COLORADO RIVER DAY
A Celebration of a Most Precious Resource
Saturday, July 25th is Colorado River Day marking the 94th anniversary of the Grand River being officially renamed the Colorado River in 1921. The Colorado River stretches for 1,450 miles from the central Rocky Mountains in the U.S. in a southwesterly direction across the Colorado Plateau to Lake Mead, before turning south into Mexico, emptying into the Gulf of California between Baja California and Sonora. Known for its dramatic canyons and whitewater rapids, the Colorado River is a vital source of water for agricultural and urban areas in seven U.S. and two Mexican states. The Greater Flagstaff Chamber of Commerce continues to work with corporate executives, water strategists and political leaders to share innovations, best practices and challenges on water conservation and sustainability to preserve the river.

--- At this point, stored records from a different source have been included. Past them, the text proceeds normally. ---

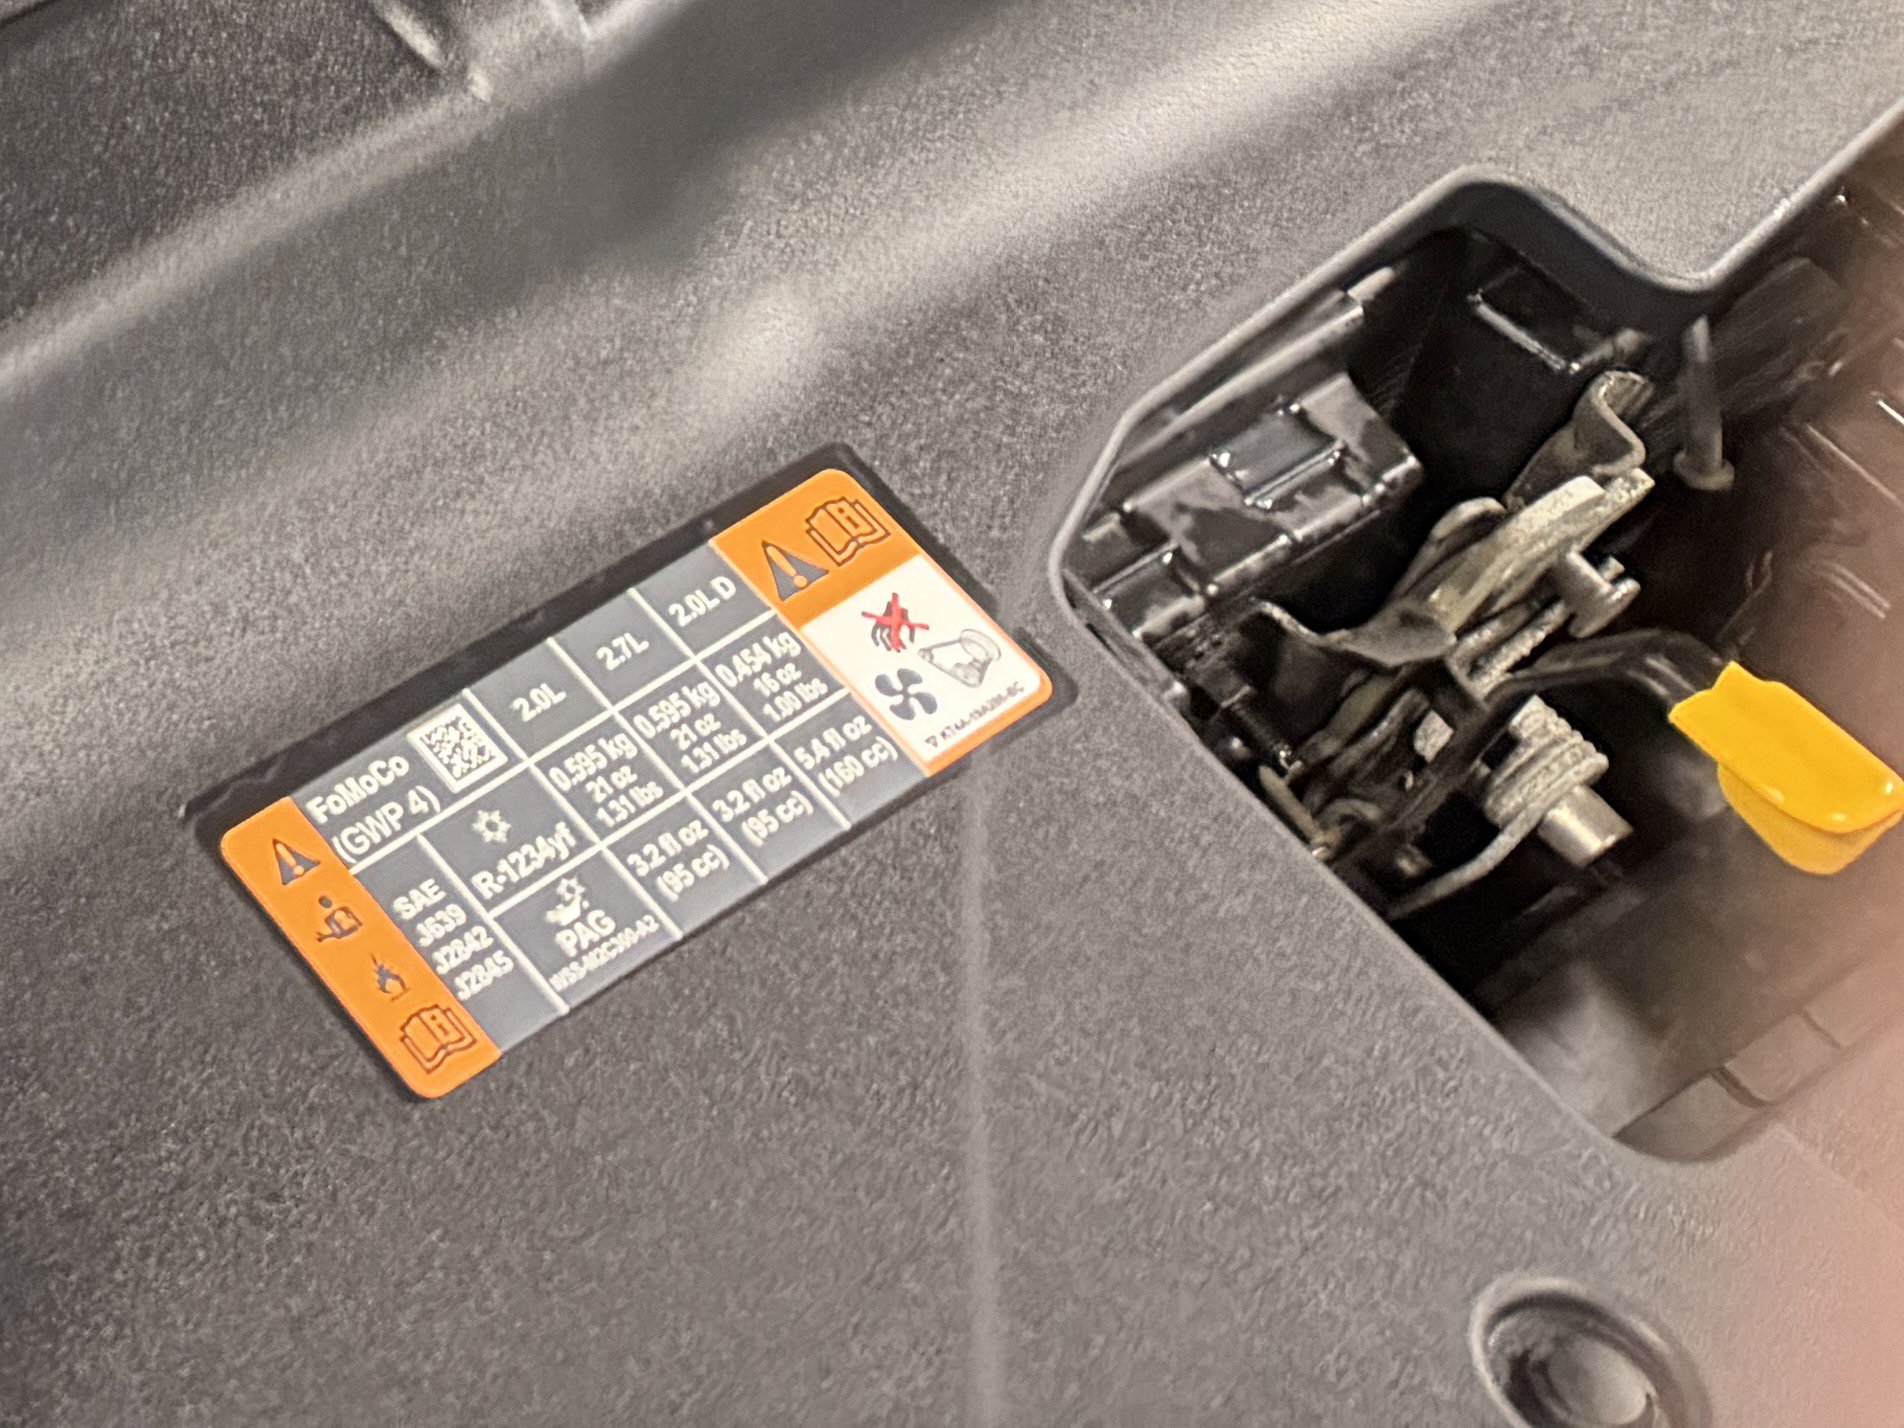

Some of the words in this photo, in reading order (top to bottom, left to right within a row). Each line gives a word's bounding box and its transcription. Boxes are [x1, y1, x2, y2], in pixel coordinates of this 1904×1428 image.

[668, 589, 721, 628] 2.0L
[710, 576, 736, 600] D
[595, 632, 650, 671] 2.7L
[762, 630, 802, 659] kg
[510, 682, 567, 723] 2.0L
[752, 670, 780, 698] 16
[776, 662, 802, 686] oz
[794, 677, 829, 703] lbs
[632, 691, 692, 740] 0.595
[682, 680, 721, 709] kg
[669, 723, 698, 751] 21
[694, 712, 722, 736] oz
[548, 743, 608, 792] 0.595
[597, 732, 638, 761] kg
[680, 742, 720, 774] 1.31
[712, 728, 748, 754] lbs
[793, 737, 831, 771] 5.4
[843, 715, 873, 742] oz
[817, 754, 865, 798] (160
[860, 734, 899, 769] cc)
[305, 755, 410, 825] FoMoCo
[585, 775, 615, 804] 21
[610, 765, 638, 790] oz
[594, 794, 637, 828] 1.31
[628, 780, 664, 807] lbs
[711, 789, 751, 824] 3.2
[761, 766, 793, 794] oz
[331, 801, 405, 865] (GWP
[407, 784, 442, 814] 4)
[741, 807, 781, 848] (95
[774, 789, 815, 824] cc)
[471, 821, 577, 900] R-1234yf
[626, 842, 667, 878] 3.2
[677, 819, 710, 847] oz
[655, 861, 695, 904] (95
[690, 843, 731, 878] cc)
[392, 878, 446, 920] SAE
[416, 903, 467, 948] J639
[431, 926, 494, 975] J2842
[554, 909, 616, 958] PAG
[455, 950, 515, 1001] J2845

A large portion of Flagstaff’s economy revolves around the direct and indirect positive benefits our community receives from the Colorado River. People travel from all over the world to take their first or tenth trip down the Colorado and use Flagstaff as their base of operations. We have fifteen non-consumptive river running operators that generate $37.5 million annually into our local economy. Flagstaff outfitters pay $2.4 million a year in franchise fees to the National Park Service. The indirect positive economic value is realized in full hotels and restaurants as well as grocery, fuel and other outdoor recreation supply companies which are valued business members of the Greater Flagstaff Chamber.

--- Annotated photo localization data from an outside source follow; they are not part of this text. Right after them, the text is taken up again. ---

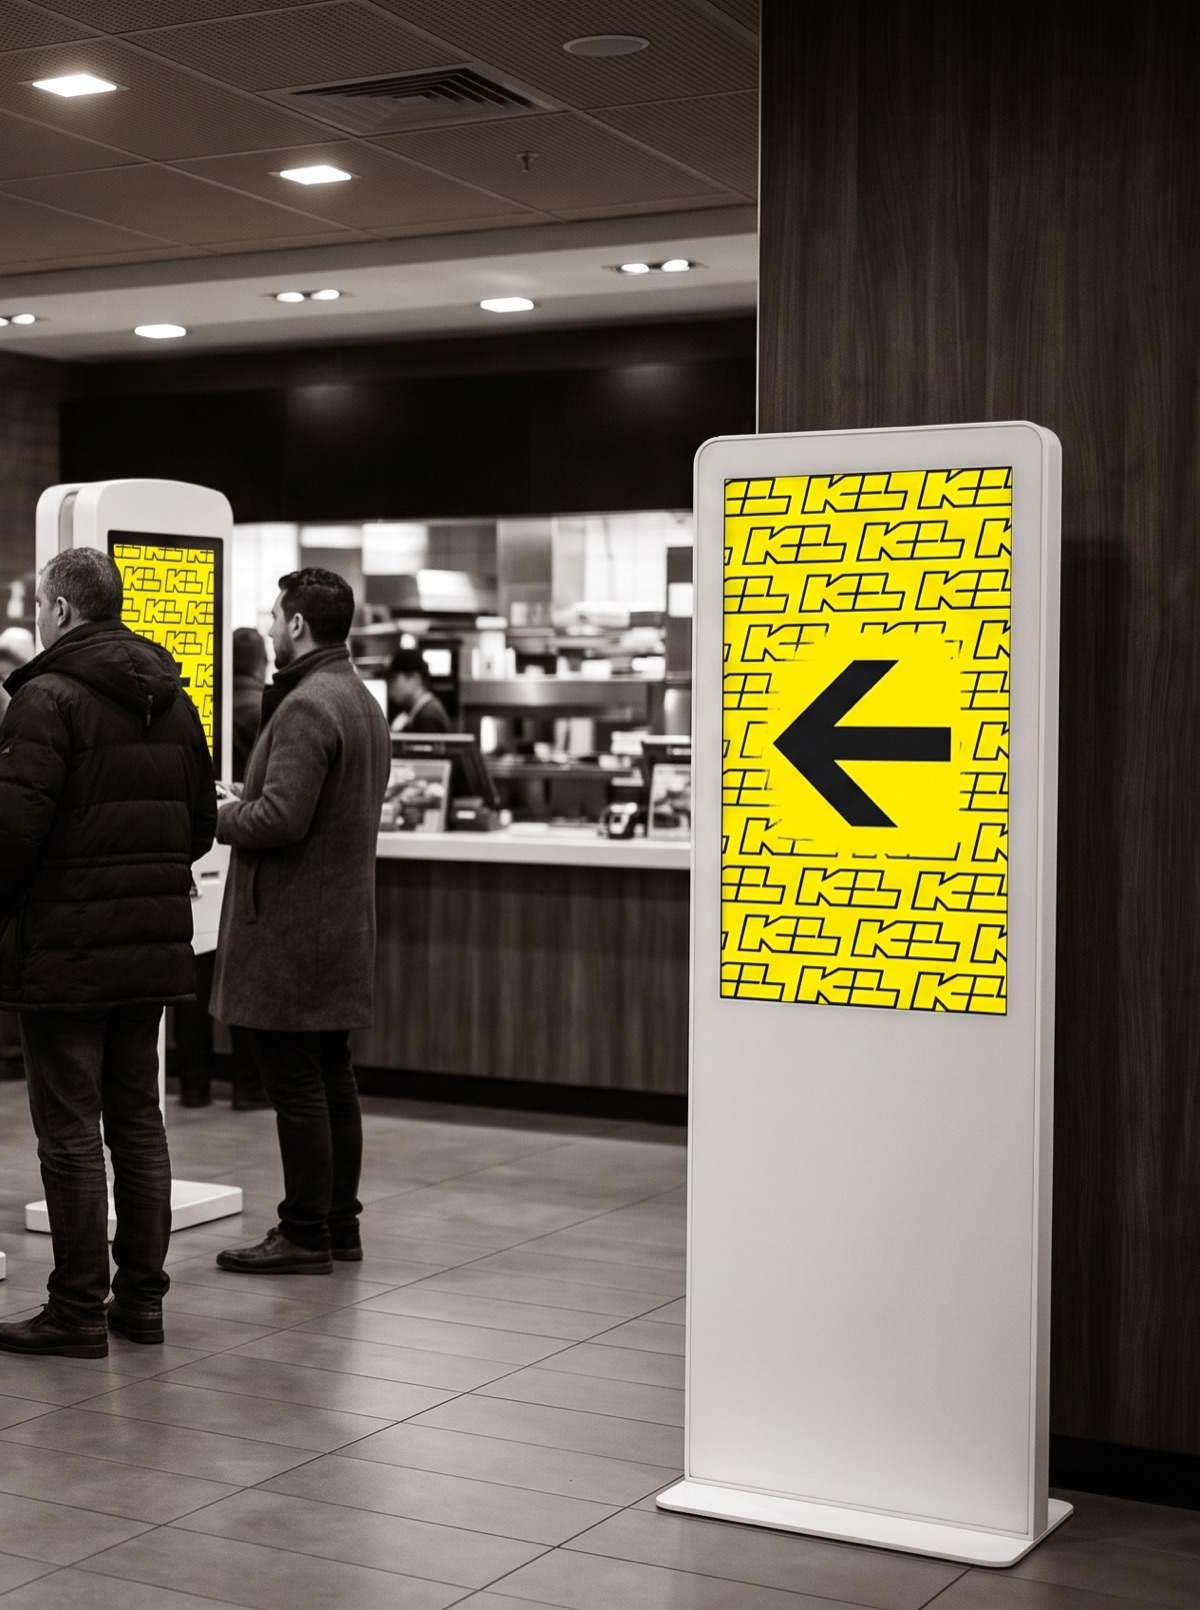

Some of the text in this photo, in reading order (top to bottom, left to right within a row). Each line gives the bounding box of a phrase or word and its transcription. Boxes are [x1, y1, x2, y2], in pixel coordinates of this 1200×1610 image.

[742, 524, 847, 565] KL
[856, 521, 965, 562] KL
[165, 568, 203, 594] KL
[798, 573, 905, 612] KL
[143, 598, 182, 624] KL
[795, 868, 901, 909] KL
[738, 914, 841, 956] KL
[850, 919, 960, 961] KL

According to one of our partner organizations Protect the Flows, (www.ProtectFlows.com) the Colorado River would be the 19th largest employer on the Fortune 500 and creates $10.4 Billion in annual earnings, salaries, and wages while supporting 234,000 jobs across Arizona, Colorado, Nevada, New Mexico, Utah, and Wyoming. A 2014 study from the W.P. Carey School of Business at Arizona State University estimated impact of Colorado River water loss for the entire Basin Region Economy to be at $1.4 Trillion.
This is a stark reminder of the importance of working together to find sustainable solutions in order to deal with the decade long drought while Lake Mead is at historic low levels. The enormous positives require us to be responsible stewards of this most precious resource.